The FOQA is the process of obtaining and analysing all kinds of data from flights to improve the safety and efficiency of future flight operations.

“All Indian airlines will undergo the special safety audit that has begun. In the first phase, we are auditing SpiceJet and Air India,” the DGCA official said.

DGCA

The Directorate General of Civil Aviation (DGCA) has already initiated the special safety audit of all airports in India that receive heavy rain during the monsoon season, another official said.

The announcement regarding the safety audit of such airports was done by the DGCA four days after the Kozhikode plane crash.

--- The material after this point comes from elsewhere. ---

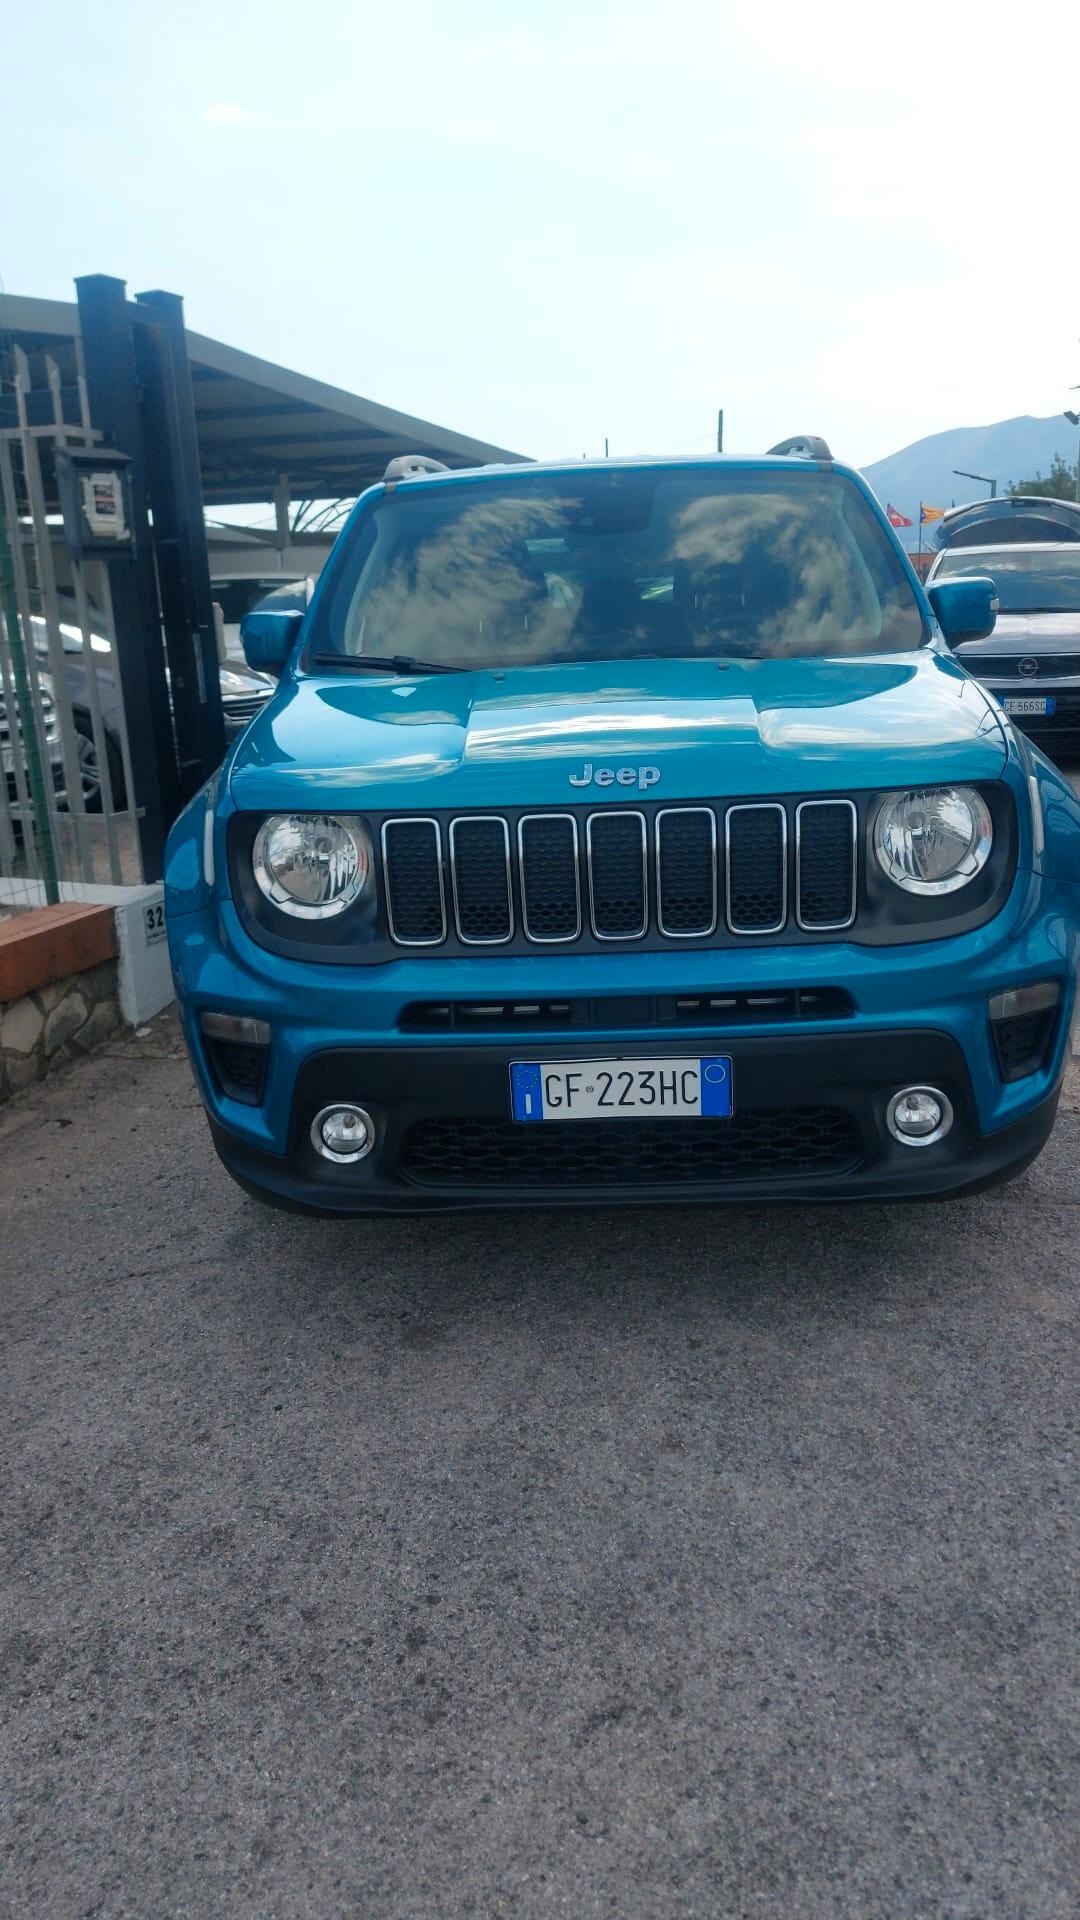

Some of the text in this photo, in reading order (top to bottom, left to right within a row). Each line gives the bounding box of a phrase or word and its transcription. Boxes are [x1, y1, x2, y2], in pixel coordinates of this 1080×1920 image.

[568, 763, 661, 790] Jeep
[147, 906, 164, 930] 32
[545, 1070, 699, 1108] GF 223HC

The Airports Authority of India (AAI) manages more than 100 airports in the country, including the one in Kozhikode. However, major airports like Delhi, Mumbai, Bengaluru and Hyderabad are managed by private companies.

On August 7, a B737NG aircraft of Air India Express with 190 people on board overshot the runway and crashed at the Kozhikode airport amid heavy rain, killing 18 people, including the pilots. Air India Express is a wholly owned subsidiary of national carrier Air India.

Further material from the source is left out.